Henry Eustace McCulloch - Texas Career

Texas Career

Henry McCulloch shared in his brother Ben's economic attempts in the 1830s, including transporting goods by raft on the Mississippi, once all the way to New Orleans. When Davy Crockett went to Texas in 1835, Henry McCulloch and his brother made plans to meet Crockett's Tennessee Boys at Nacogdoches on Christmas Day. However, Ben contracted measles and was bedridden for several weeks and while ill convinced his brother Henry to return to Tennessee in November of 1835. Luckily, the illness kept them from arriving with Crockett at the Alamo.

In 1838, both Henry and Ben McCulloch were making a living as surveyors. They also made a reputations as Indian fighters. Both took part in the Battle Creek Fight against the Comanche Indians in Navarro County, also known as "The Surveyors' Fight". In 1839, Henry McCulloch was on the muster roll of Capt. Mathew Caldwell's "Gonzales Rangers". Also in 1839, Ben was elected to the Republic of Texas House of Representatives after a contentious campaign that included assorted slanders between the candidates. As a result, Ben fought a rifle duel with his opponent, Reuben Ross and received a permanently crippling wound in the arm. The matter was considered closed but it flared up again the following year, this time involving Henry, who killed Ross with a pistol.

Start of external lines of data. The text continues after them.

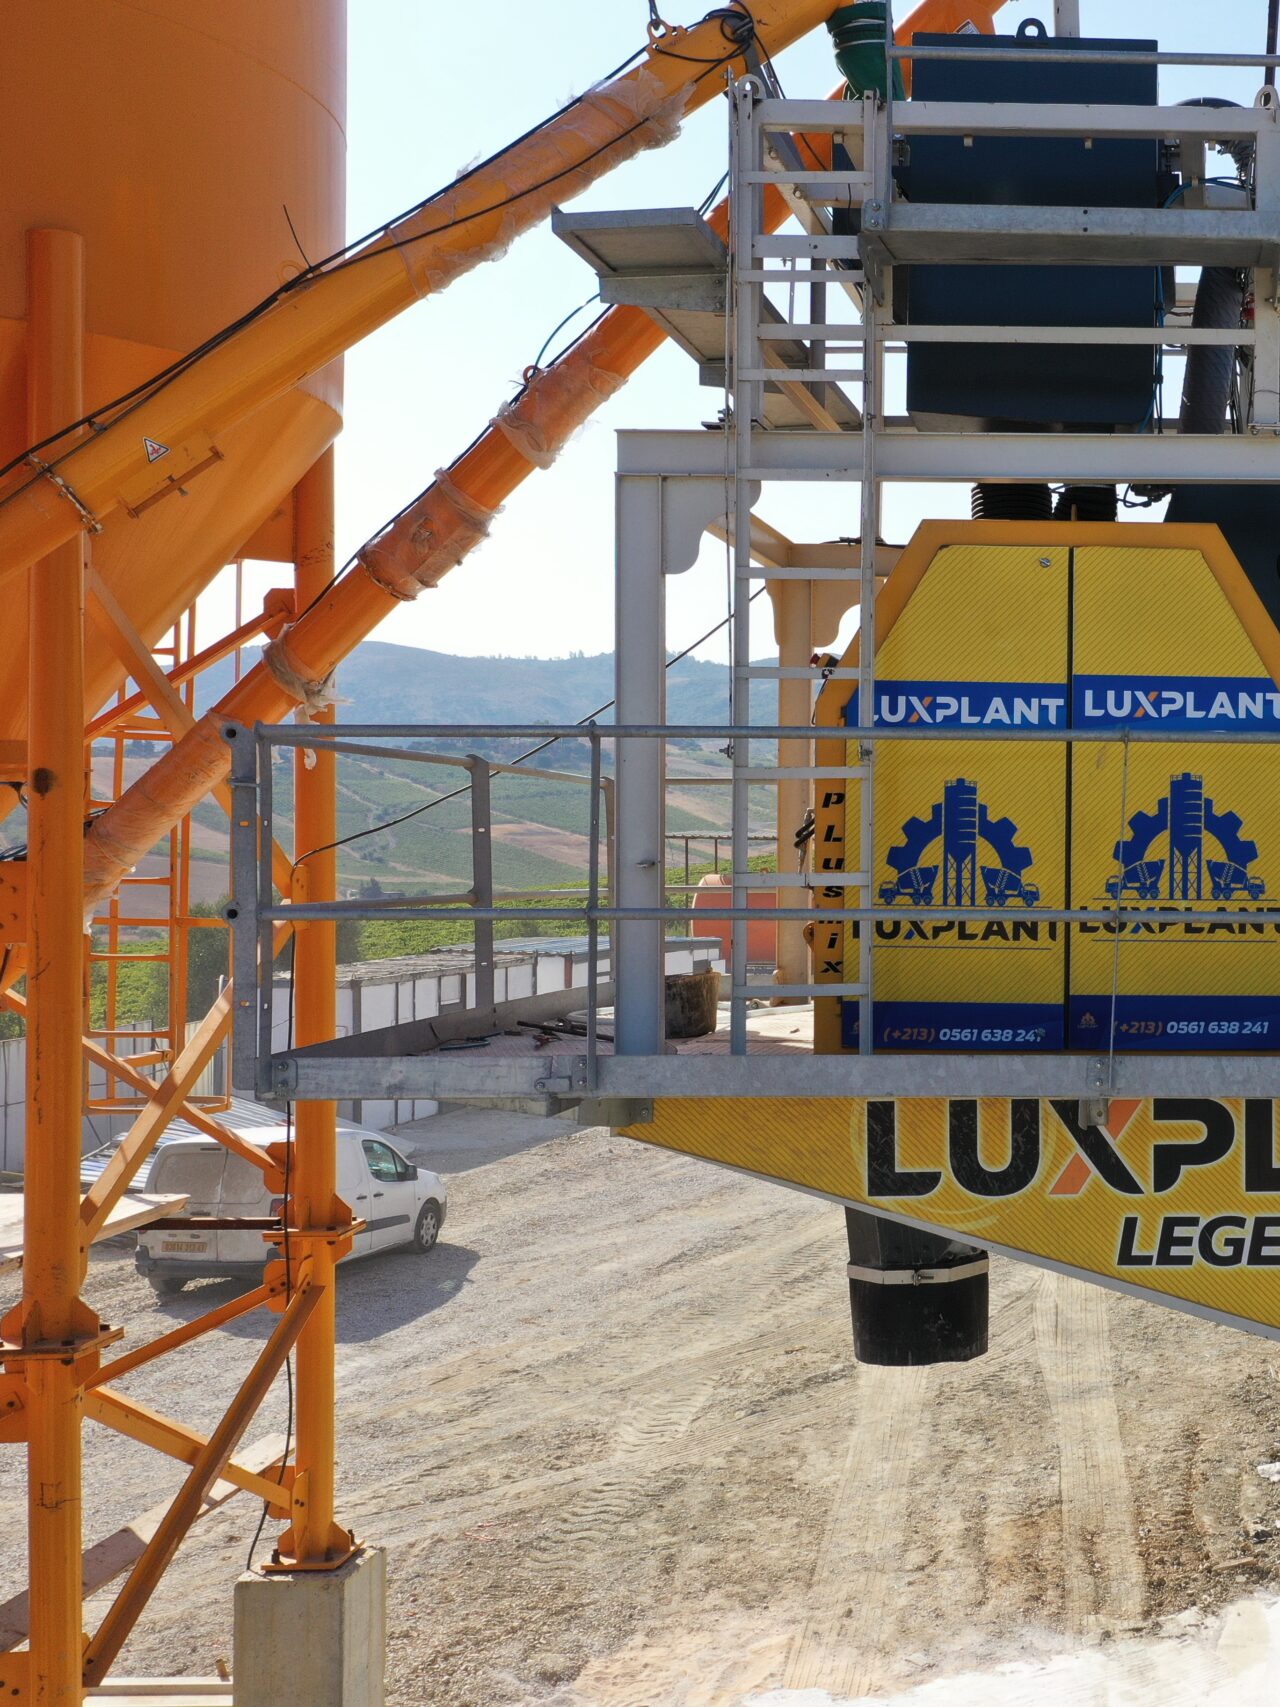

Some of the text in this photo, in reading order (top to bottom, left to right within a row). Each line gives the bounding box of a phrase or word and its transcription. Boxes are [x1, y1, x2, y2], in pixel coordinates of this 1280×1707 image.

[872, 695, 1065, 726] UXPLANT
[882, 1027, 936, 1043] (+213)
[939, 1027, 977, 1042] 0561
[980, 1028, 1013, 1042] 638
[1166, 1021, 1205, 1034] 0561
[1207, 1021, 1240, 1034] 638
[1241, 1021, 1269, 1034] 241

On August 20, 1840, McCulloch married Jane Isabella Ashby, daughter of John Miller Ashby and Mary Harris Garnett of Kentucky, who had been early settlers in the DeWitt Colony, which was centered on Gonzales. They had twelve children, most of whom remained in Texas.

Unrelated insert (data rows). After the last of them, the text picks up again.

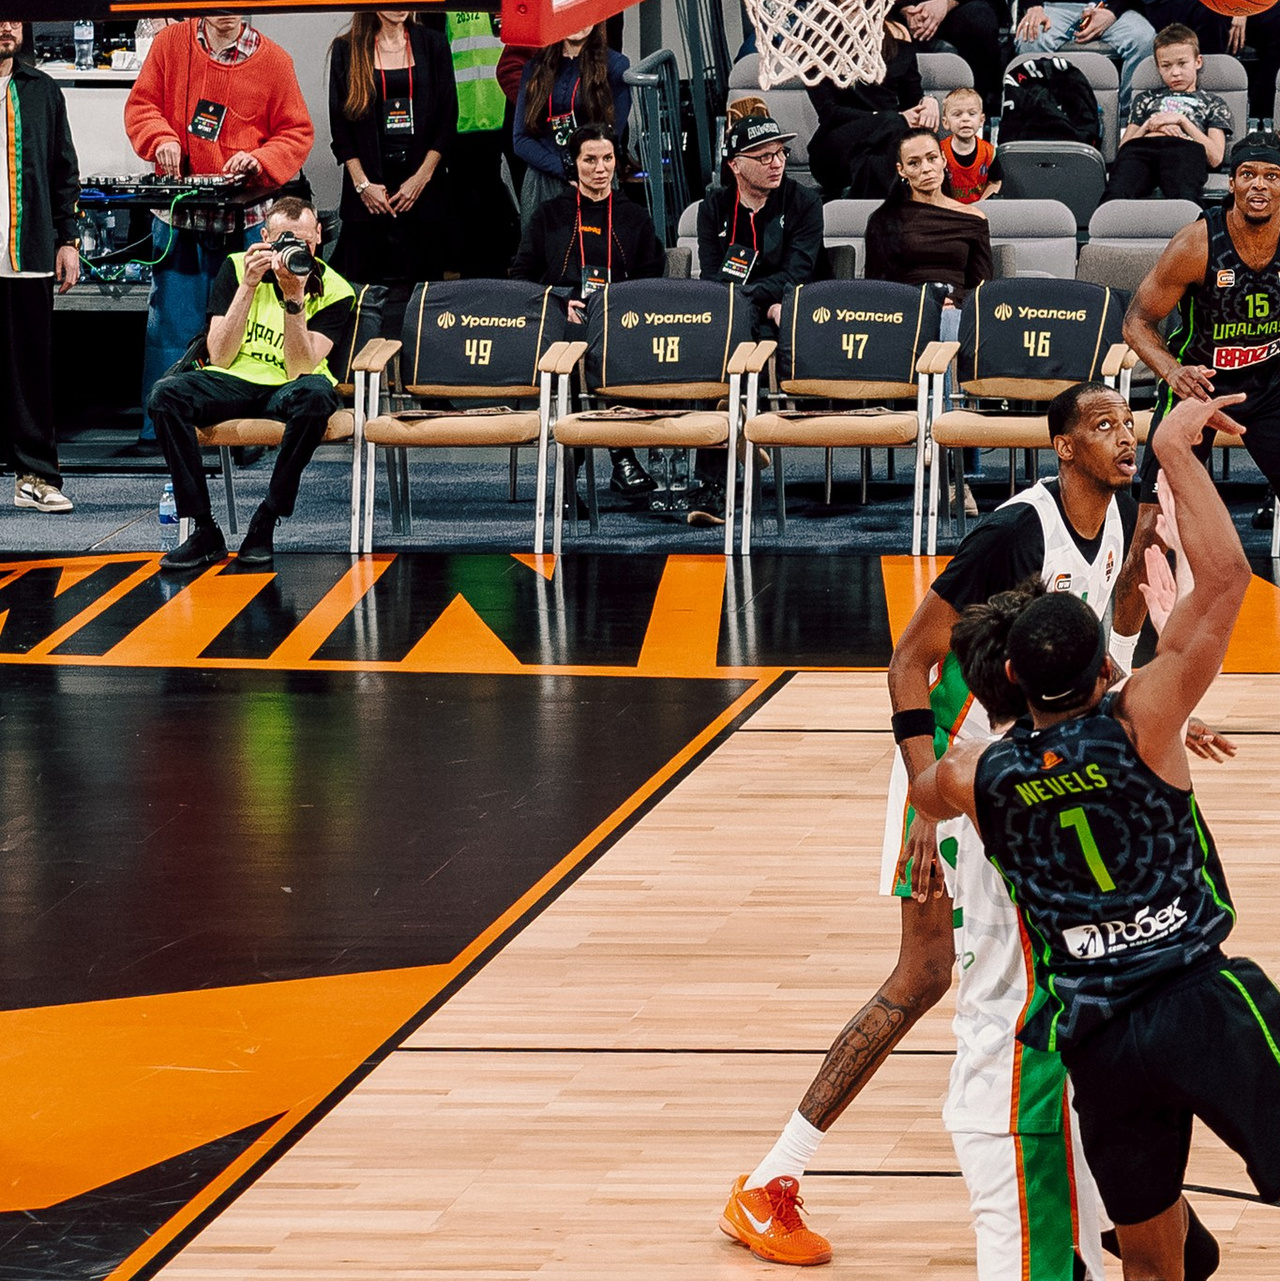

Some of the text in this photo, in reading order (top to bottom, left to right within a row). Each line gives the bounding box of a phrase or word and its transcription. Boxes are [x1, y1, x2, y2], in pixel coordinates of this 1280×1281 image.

[645, 311, 712, 325] Уралсиб
[836, 308, 904, 325] Уралсиб
[1018, 305, 1087, 322] Уралсиб
[1245, 293, 1270, 319] 15
[461, 314, 526, 329] Уралсиб
[465, 339, 493, 366] 49
[652, 336, 680, 363] 48
[841, 333, 869, 360] 47
[1023, 331, 1051, 358] 46
[1015, 763, 1108, 806] NEVELS
[1059, 806, 1117, 893] 1
[1101, 896, 1187, 945] Робек

Later in 1840, McCulloch took part in the Battle of Plum Creek, acting as a scout against the Comanches and being wounded. When a Mexican raiding force under Gen. Adrian Woll invested San Antonio in September 1842, he served as First Lieutenant of a company of volunteers from Seguin. He again operated as a scout, including infiltrating enemy lines, and commanded a spy company at the Battle of Salado Creek. With his brother, Ben, he subsequently took part in the failed Somervell expedition and both men were ordered to leave shortly before most of the Texans were captured at Mier, Mexico in Tamaulipas, December 25, 1842.

He was elected sheriff of Gonzales in 1843 and also opened a mercantile business there. The following year, he moved his family permanently to Seguin.

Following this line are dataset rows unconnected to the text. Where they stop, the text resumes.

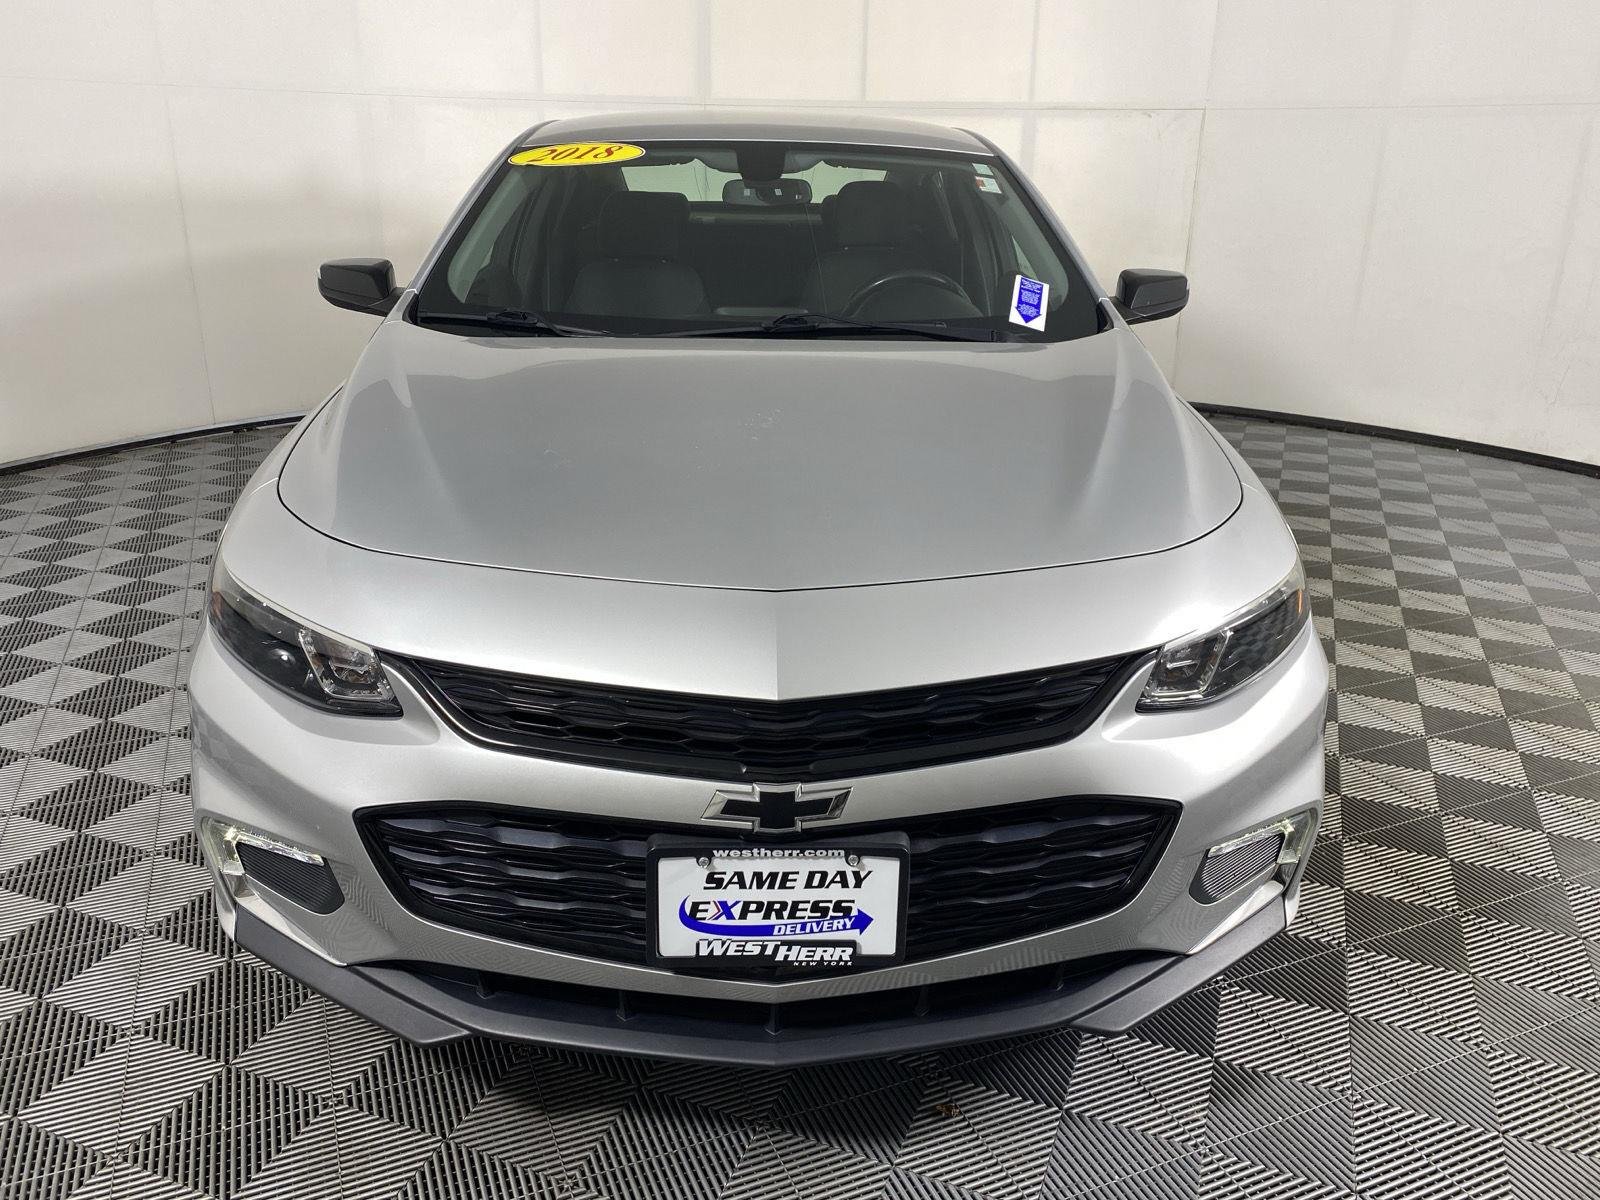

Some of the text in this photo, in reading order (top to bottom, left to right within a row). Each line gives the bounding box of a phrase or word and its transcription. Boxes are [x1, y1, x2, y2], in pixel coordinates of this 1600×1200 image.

[526, 145, 623, 162] 2018
[712, 848, 845, 858] westherr.com
[703, 870, 874, 891] SAME DAY
[687, 899, 856, 921] EXPRESS
[772, 917, 856, 936] DELIVERY
[698, 938, 854, 962] WEST HERR

There are several letters written in the 1890s (now in the possession of the Texas State Library) in which McCulloch describes his (and his brother's) activities during the Texas Revolution and under the Republic.

In December 1847, McCulloch was in command of a Ranger company in Burnet County and established what became Fort Croghan. When the War with Mexico began, he took command of a volunteer company patrolling the same area of the western frontier against Indian raids. He continued this service after the war as captain of a company of Texas Mounted Volunteers out of Fort Murrill, and also operating a Ranger post in Kimble County.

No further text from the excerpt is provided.